* Required work: The listing below must be repeated word for word, with its images excluded.

* Material to process:
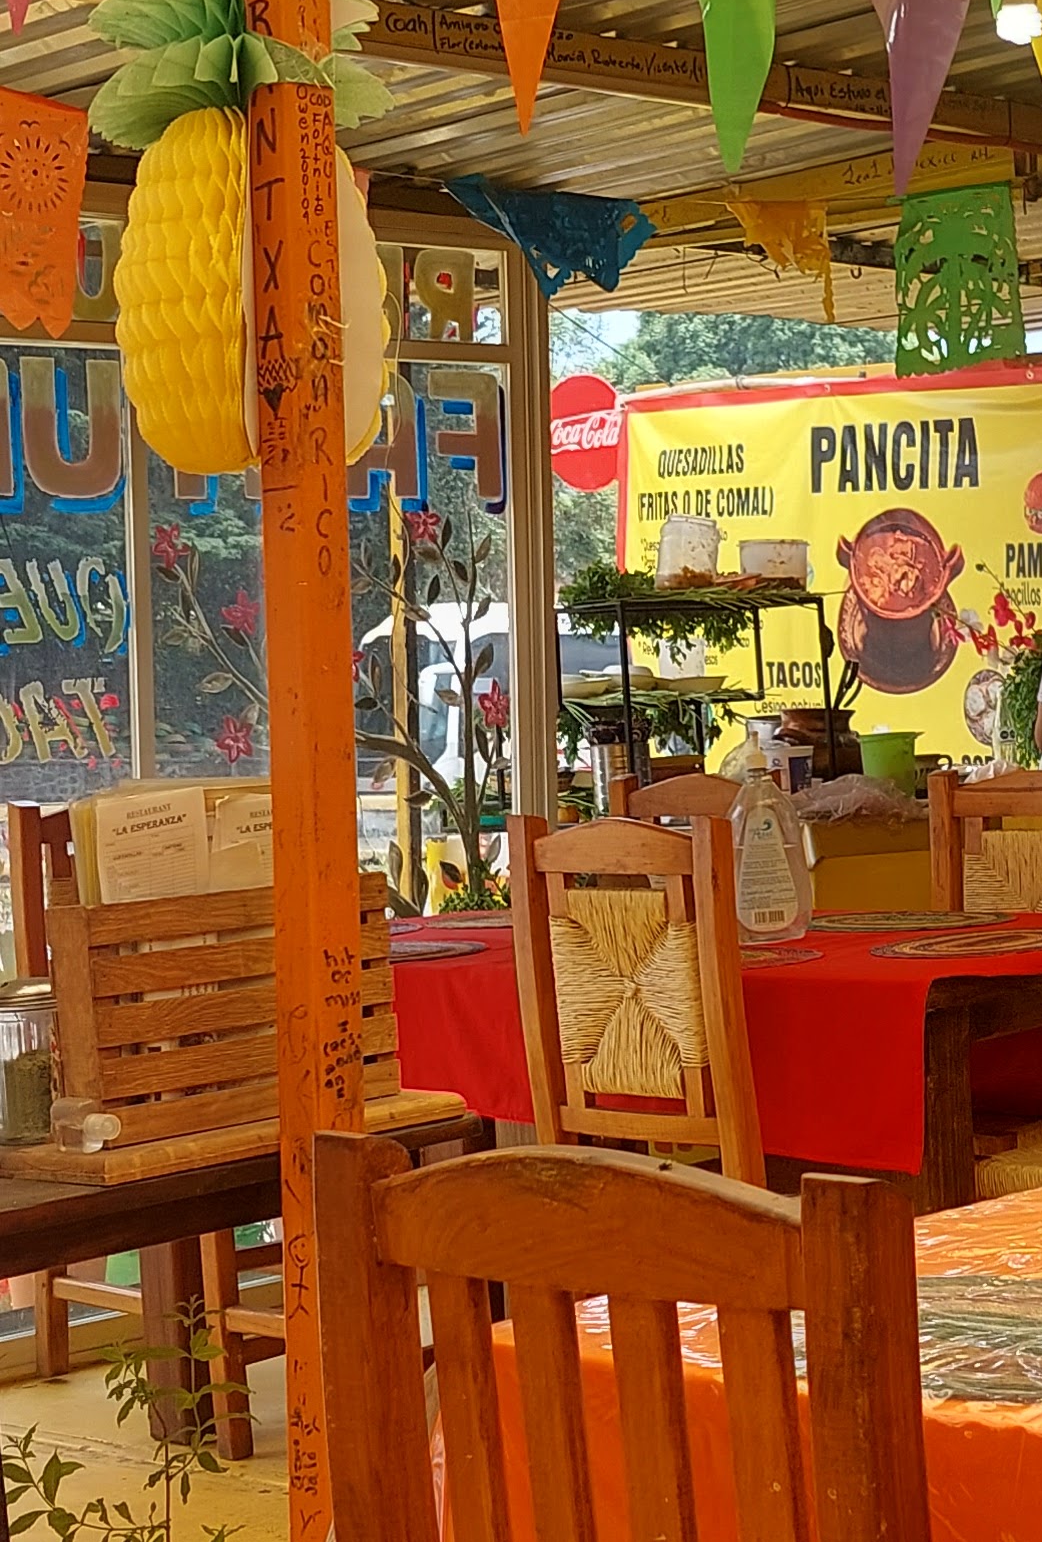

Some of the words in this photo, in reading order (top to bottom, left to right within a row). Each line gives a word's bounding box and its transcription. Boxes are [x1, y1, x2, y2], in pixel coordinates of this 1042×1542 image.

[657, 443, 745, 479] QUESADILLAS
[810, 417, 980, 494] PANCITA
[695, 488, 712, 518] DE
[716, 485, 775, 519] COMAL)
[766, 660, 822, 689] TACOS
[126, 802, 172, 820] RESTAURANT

* Your solution:
Some of the words in this photo, in reading order (top to bottom, left to right within a row). Each line gives a word's bounding box and its transcription. Boxes are [x1, y1, x2, y2], in pixel coordinates of this 1042×1542 image.

[657, 443, 745, 479] QUESADILLAS
[810, 417, 980, 494] PANCITA
[695, 488, 712, 518] DE
[716, 485, 775, 519] COMAL)
[766, 660, 822, 689] TACOS
[126, 802, 172, 820] RESTAURANT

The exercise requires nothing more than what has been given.